## Molecular Geometry vs Electron-Pair Geometry

(Polar molecules, Non-polar molecules, etc.)

Stevin1H
Posts: 89
Joined: Fri Sep 28, 2018 12:17 am

### Molecular Geometry vs Electron-Pair Geometry

Can someone please explain the difference in molecular geometry vs electron-pair geometry? What defines the molecular geometry and what defines the electron-pair geometry?

Jim Brown 14B Lec1
Posts: 62
Joined: Fri Sep 28, 2018 12:28 am

### Re: Molecular Geometry vs Electron-Pair Geometry

Molecular geometry takes into account only the atoms surrounding the central atom. This includes shapes like bent, trigonal pyramidal, square planar, etc. Electron-pair geometry is based on the number of electron density fields. This includes only the basic geometries (linear, trigonal planar, tetrahedral, trigonal bipyramidal, octahedral).

Mindy Kim 4C
Posts: 65
Joined: Fri Sep 28, 2018 12:25 am

### Re: Molecular Geometry vs Electron-Pair Geometry

An example of this is a molecule with three atoms and two bonding pairs and one lone electron pair. The electron geometry for this molecule would be trigonal planar because there are 3 different electron densities. However, the molecular shape for this molecule would be bent because only the atoms are considered in the shape.

Katie_Duong_1D
Posts: 69
Joined: Fri Sep 28, 2018 12:27 am

### Re: Molecular Geometry vs Electron-Pair Geometry

Molecular geometry does not consider lone pairs as areas of electron density. An example would be a molecule with VSEPR formula AX4E2. There are 6 bonding regions, 4 bonding pairs and 2 lone pairs. AX4E2 is square planar (molecular geometry). The electron geometry of this molecule would be octahedral because there are 6 bonding regions all. The lone pairs and bonding pairs are both considered in electron pair geometry.

David S
Posts: 54
Joined: Fri Sep 28, 2018 12:15 am

### Re: Molecular Geometry vs Electron-Pair Geometry

Electron pair geometry accounts for lone pairs and bonding pairs. Since it discounts the differences in strength of repulsion between the different types of electron density regions, the electron pair geometry gives us the idealized (equal repulsion) bond angles around a designated central atom; bonding pairs and lone pairs are depicted as if they are the same, and the atoms surrounding the central atom are discrarded. Thus, electron geometries serve as a good reference for predicting the actual bond angles in a molecule.

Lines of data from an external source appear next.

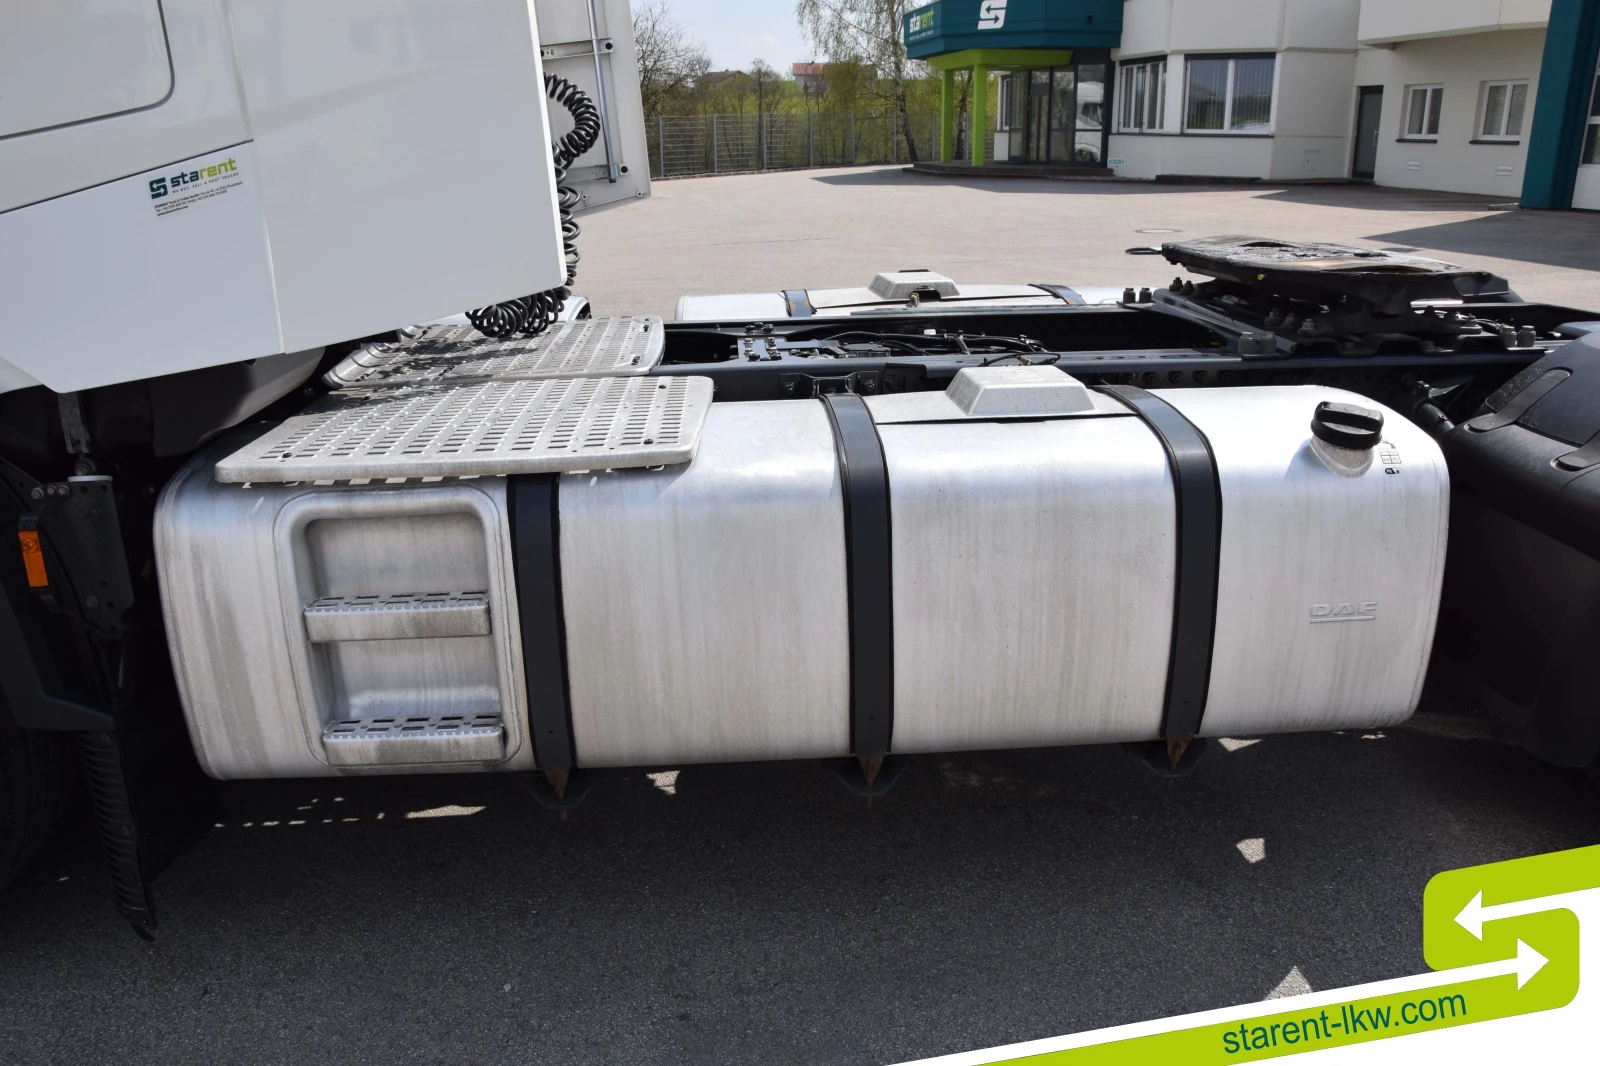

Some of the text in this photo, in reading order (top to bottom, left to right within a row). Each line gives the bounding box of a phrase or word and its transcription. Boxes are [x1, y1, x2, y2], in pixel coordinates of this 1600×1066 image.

[909, 7, 934, 33] starent
[170, 158, 237, 188] starent
[1310, 601, 1377, 617] DAF
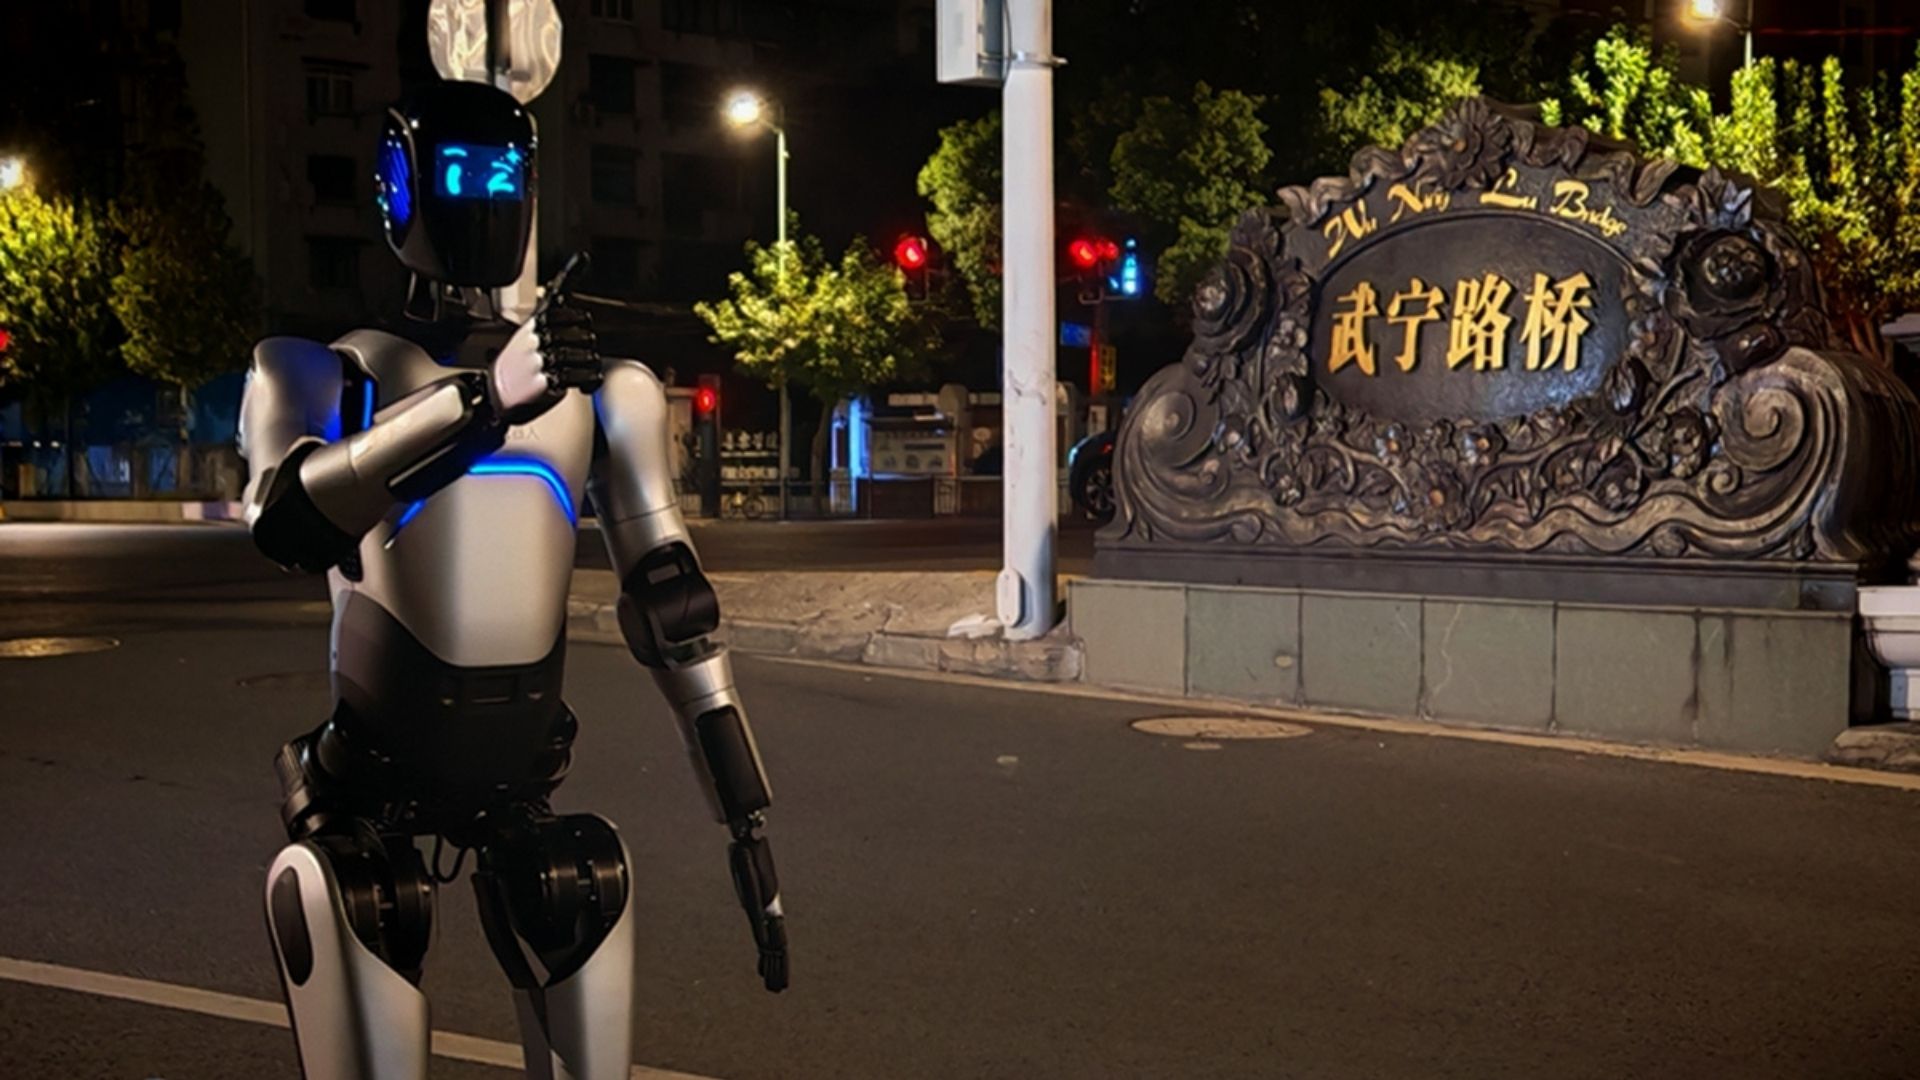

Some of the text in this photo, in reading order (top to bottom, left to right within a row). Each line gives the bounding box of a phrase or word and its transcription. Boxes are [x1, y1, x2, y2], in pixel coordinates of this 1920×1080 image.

[1479, 166, 1538, 210] Lu
[1549, 179, 1628, 237] Bridge
[1328, 271, 1592, 377] 武宁路桥

Molecular geometry displays all constituent atoms in the molecule and all electron density regions; lone pairs are depicted differently from bonding regions. The main difference is that molecular geometry accounts for the additional strength of repulsion that lone pairs have on bonding pairs, resulting in the classification and consideration of new geometry types with bond angles that differ slightly (often less than) the ideal bond angles of their respective electron pair geometries.